Fast inference of MHN models

Project description

Test

FastMHN - Fast inference of MHNs

FastMHN is a Python package for approximate learning of Mutational Hierarchical Networks (MHNs) and observation MHNs (oMHNs). It enables fast inference through suitable rank-1 approximations of the time-marginalized probability distributions, making it practical to work with larger datasets where exact methods would be computationally prohibitive.

Overview

Mutational Hierarchical Networks (MHNs) are probabilistic graphical models used to model the accumulation of mutations in cancer and other evolutionary processes. They capture dependencies between binary events (e.g., mutations, copy-number alterations) through a graph structure.

This package provides:

  • Approximate learning of MHN and oMHN models using clustering-based approximations
  • Exact learning methods for smaller datasets (mostly for testing)
  • Cross-validation support for hyperparameter tuning (e.g., regularization strength)

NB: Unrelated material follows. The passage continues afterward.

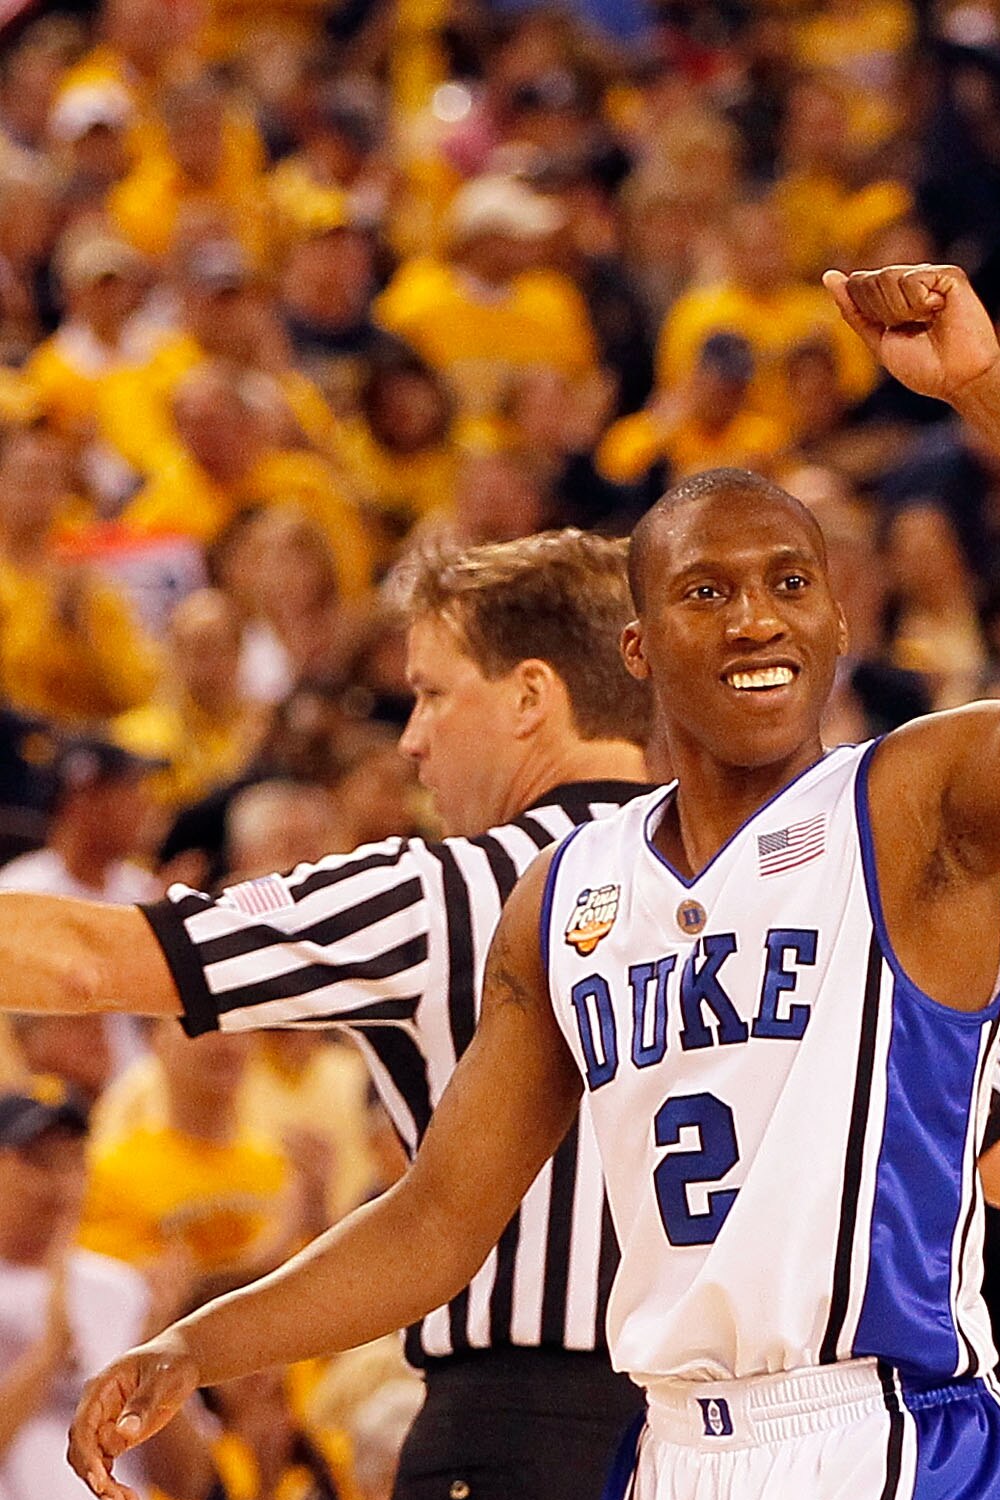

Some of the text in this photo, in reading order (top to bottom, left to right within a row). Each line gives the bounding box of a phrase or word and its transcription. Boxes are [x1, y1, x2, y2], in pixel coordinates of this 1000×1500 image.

[567, 902, 617, 932] FOUR
[570, 928, 819, 1092] DUKE
[653, 1091, 741, 1247] 2

The approximation methods allow inference on datasets with higher mutational burdens where exact computation of the full state space would be infeasible.

Installation

The package can be installed directly from PyPI:

pip install fastmhn

Or clone the repository and install manually:

git clone https://phygit.ur.de/physics/mhn/fastmhn.git
cd fastmhn
pip install -e .

Dependencies

  • Python >= 3.11
  • NumPy
  • joblib
  • mhn

Example Usage

Learning an MHN model

import numpy as np
import fastmhn

# Generate synthetic data: N samples, d events
# Each row is a binary vector indicating which events occurred
d = 5
N = 100
data = np.random.randint(2, size=(N, d), dtype=np.int32)

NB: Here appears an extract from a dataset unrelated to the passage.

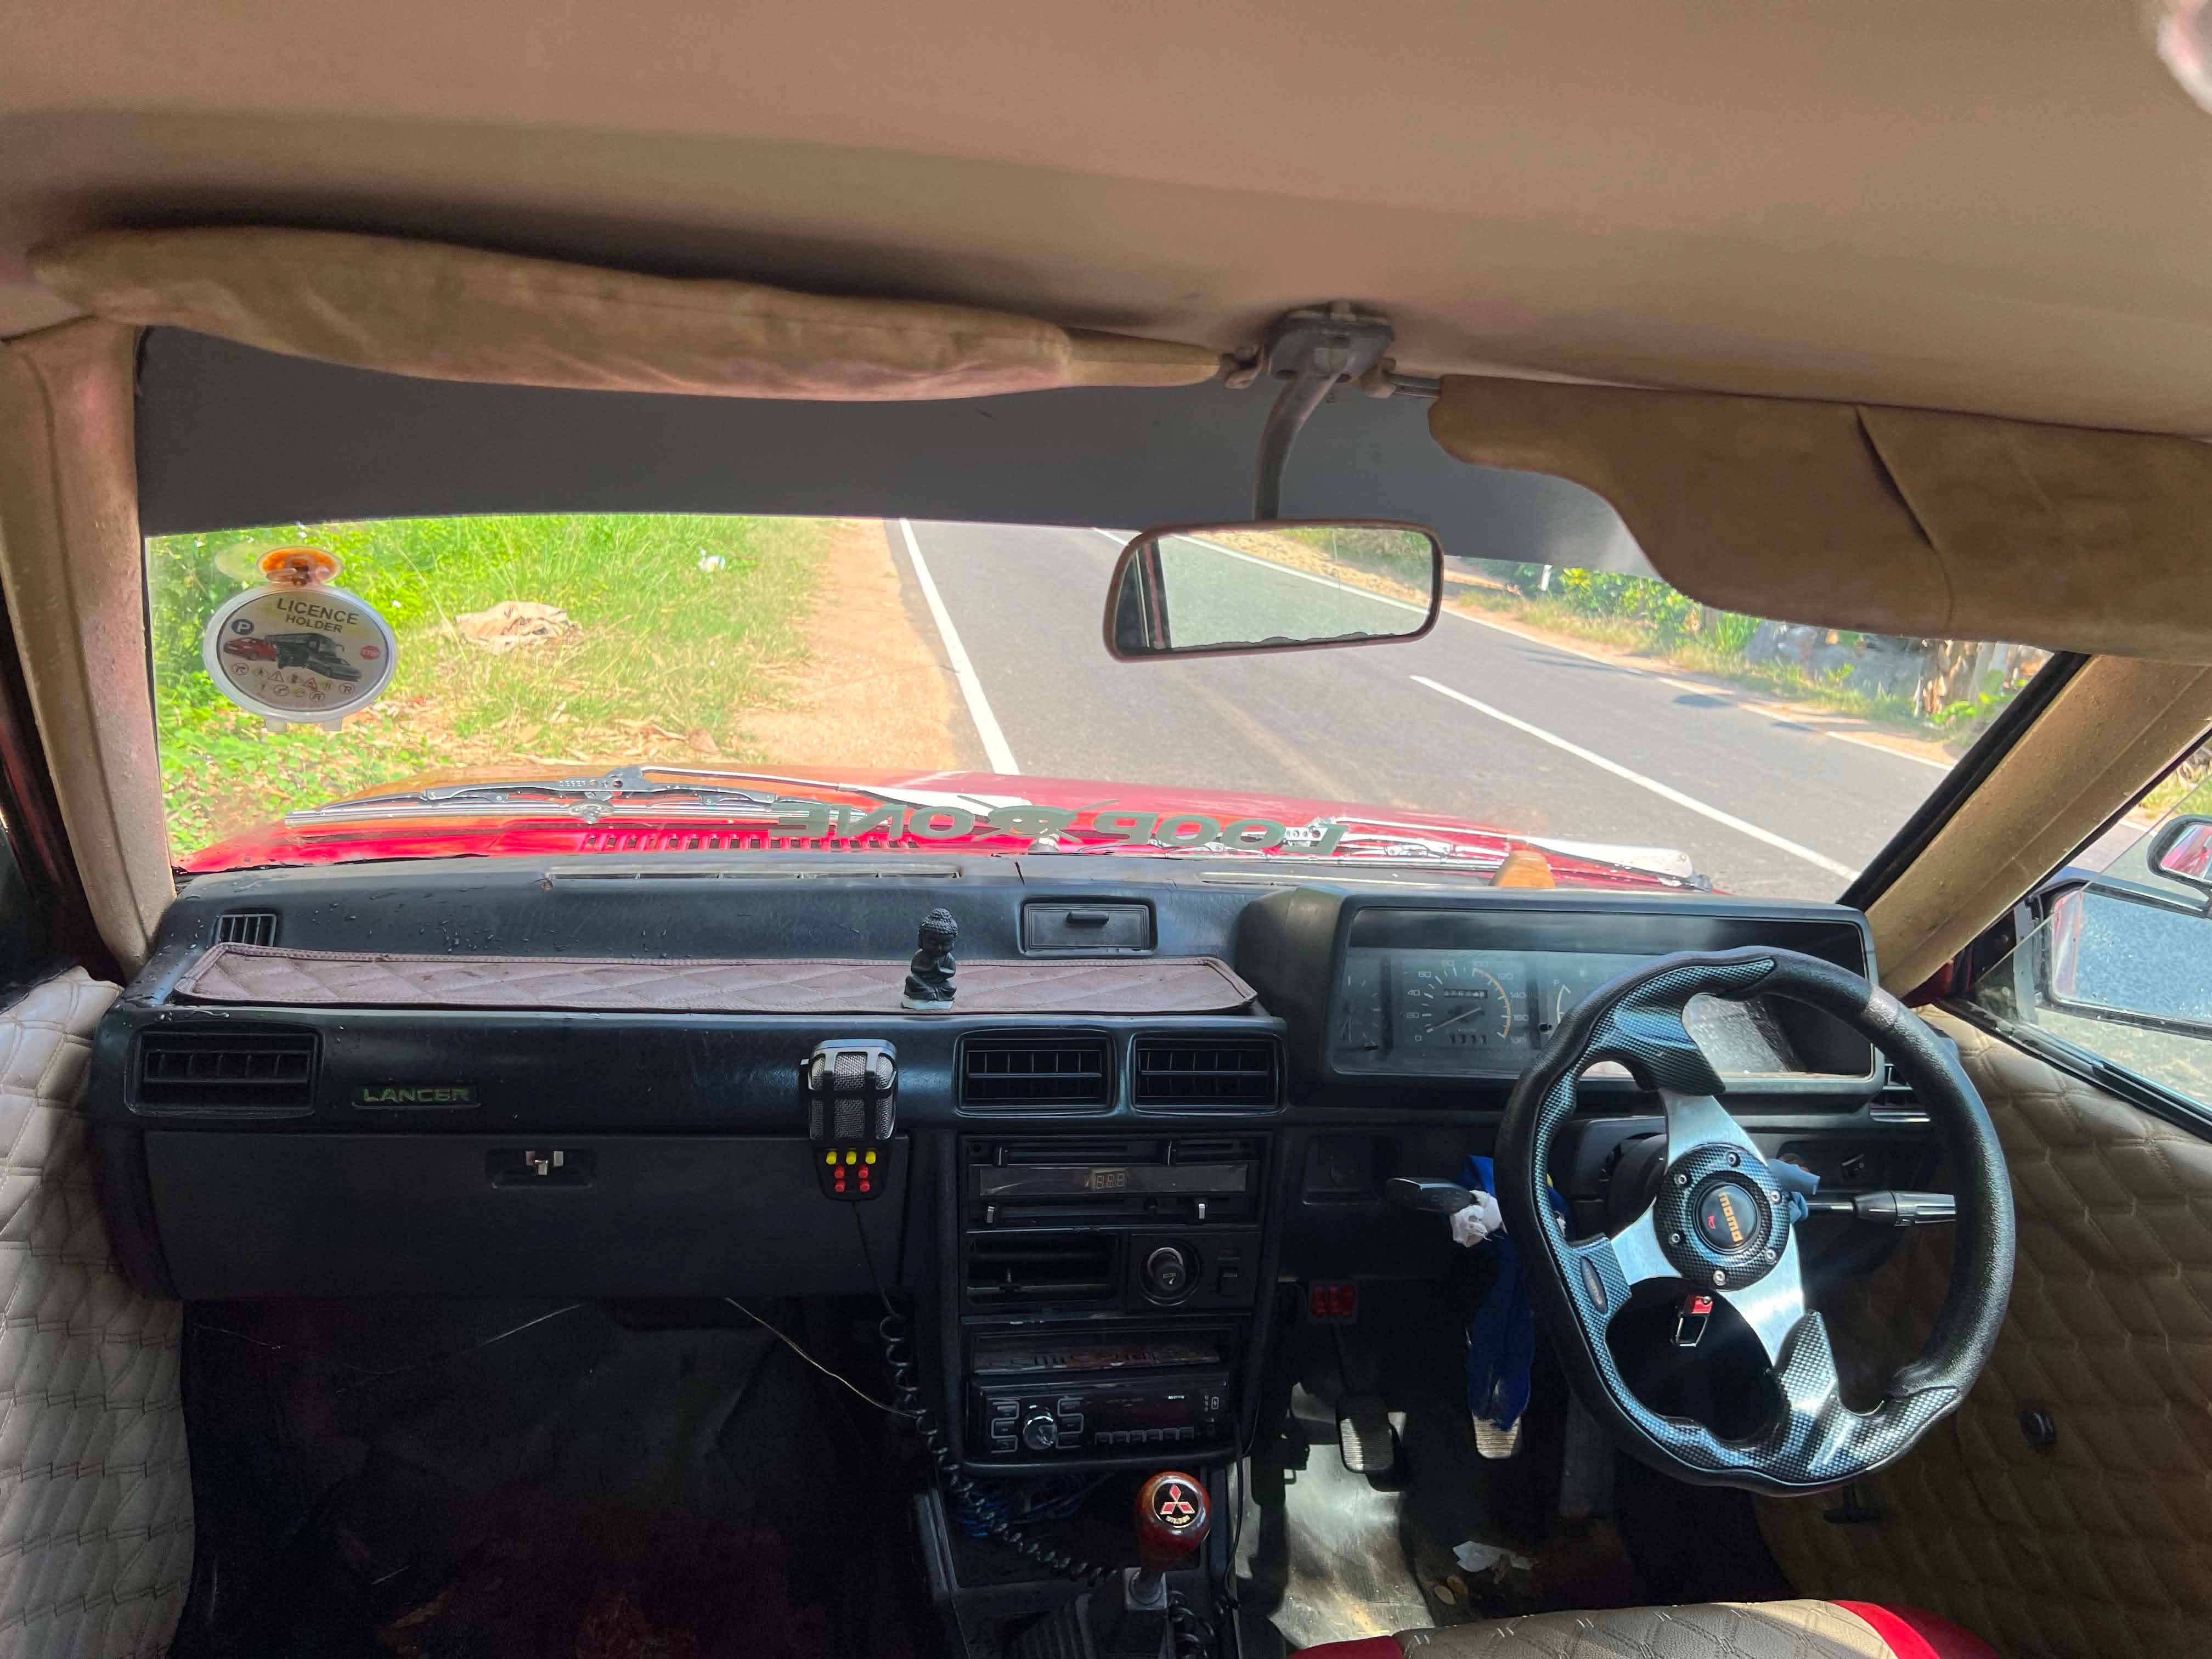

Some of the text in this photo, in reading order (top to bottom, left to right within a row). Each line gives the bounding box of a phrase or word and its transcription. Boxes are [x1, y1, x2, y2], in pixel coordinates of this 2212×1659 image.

[276, 597, 359, 625] LICENCE
[285, 614, 343, 634] HOLDER
[364, 1088, 470, 1102] LANCER

# Learn MHN model with approximate gradient computation
theta = fastmhn.learn.learn_mhn(
    data,
    reg=1e-2,  # L1 regularization strength
    gradient_and_score_params={"max_cluster_size": 10},
    adam_params={
        "alpha": 0.1,
        "beta1": 0.7,
        "beta2": 0.9,
        "eps": 1e-8,
        "verbose": True,
    },
)

# theta is a d x d matrix representing the learned MHN
print(f"Learned theta matrix:\n{theta}")

Replace data with your own dataset, this is just a placeholder in the code snippet.

Learning an oMHN model

The observation MHN (oMHN) extends MHN by modeling observation rates that the active events can influence:

import numpy as np
import fastmhn

# Generate data
d = 5
N = 100
data = np.random.randint(2, size=(N, d), dtype=np.int32)

# Learn oMHN model
theta = fastmhn.learn.learn_omhn(
    data,
    reg=1e-2,
    gradient_and_score_params={"max_cluster_size": 10},
    adam_params={"alpha": 0.1, "beta1": 0.7, "beta2": 0.9, "eps": 1e-8},
)

# theta is a (d+1) x d matrix
# First d rows: MHN parameters
# Last row: observation rates
print(f"Learned oMHN theta matrix:\n{theta}")

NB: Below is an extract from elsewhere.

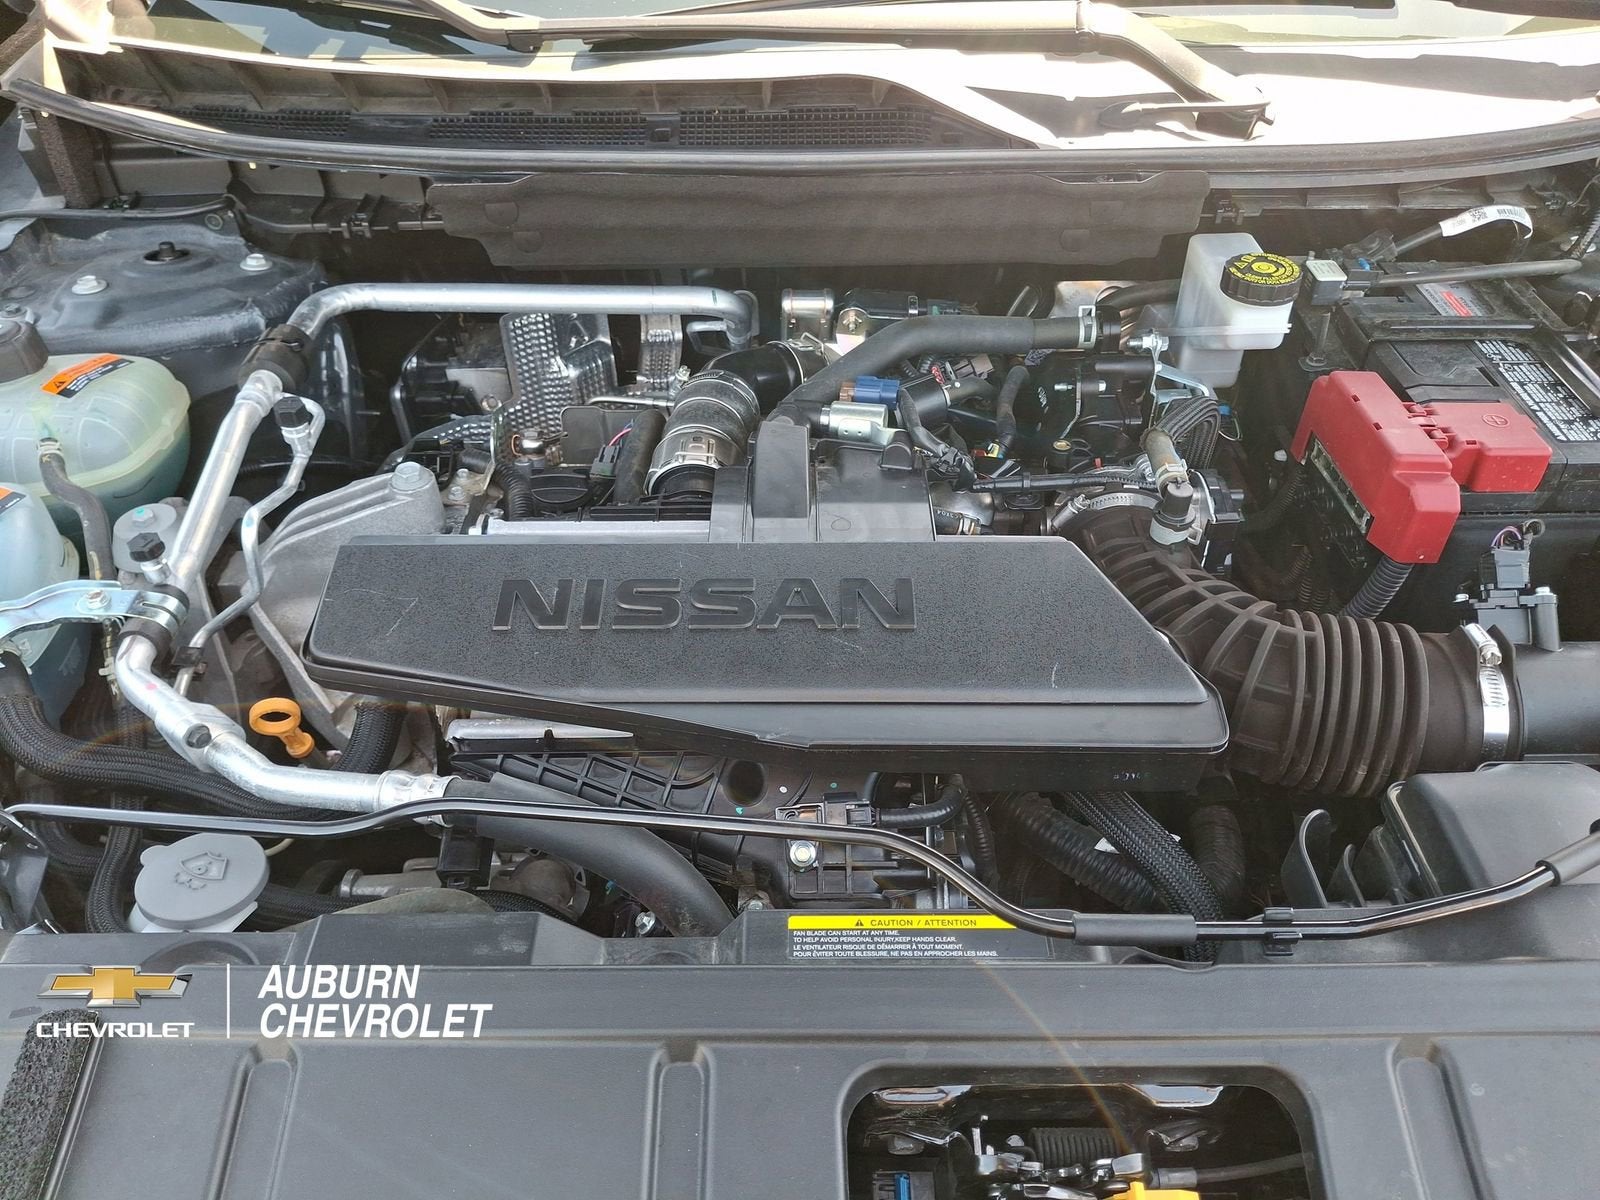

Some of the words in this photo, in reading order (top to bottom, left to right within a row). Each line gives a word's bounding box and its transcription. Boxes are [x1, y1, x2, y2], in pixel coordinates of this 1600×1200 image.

[491, 577, 917, 631] NISSAN
[870, 919, 914, 927] CAUTION
[924, 919, 977, 927] ATTENTION

Cross-validation for regularization strength

import numpy as np
import fastmhn

# Generate data
d = 5
N = 100
data = np.random.randint(2, size=(N, d), dtype=np.int32)

# Cross-validation parameters
k = 5  # number of folds
reg = 1e-2  # regularization strength to evaluate

# Shuffle data
rng = np.random.default_rng(42)
shuffled_indices = np.arange(N)
rng.shuffle(shuffled_indices)
data = data[shuffled_indices, :]

# Create folds
fold_sizes = (N // k) * np.ones(k, dtype=int)
fold_sizes[: N % k] += 1

# Get score offset for comparison
score_offset = fastmhn.utility.get_score_offset(data)
average_validation_score = 0

for k_index in range(k):
    # Split into training and validation
    val_start = np.sum(fold_sizes[:k_index])
    val_end = np.sum(fold_sizes[: k_index + 1])
    data_val = data[val_start:val_end]
    data_train = np.concatenate((data[:val_start], data[val_end:]))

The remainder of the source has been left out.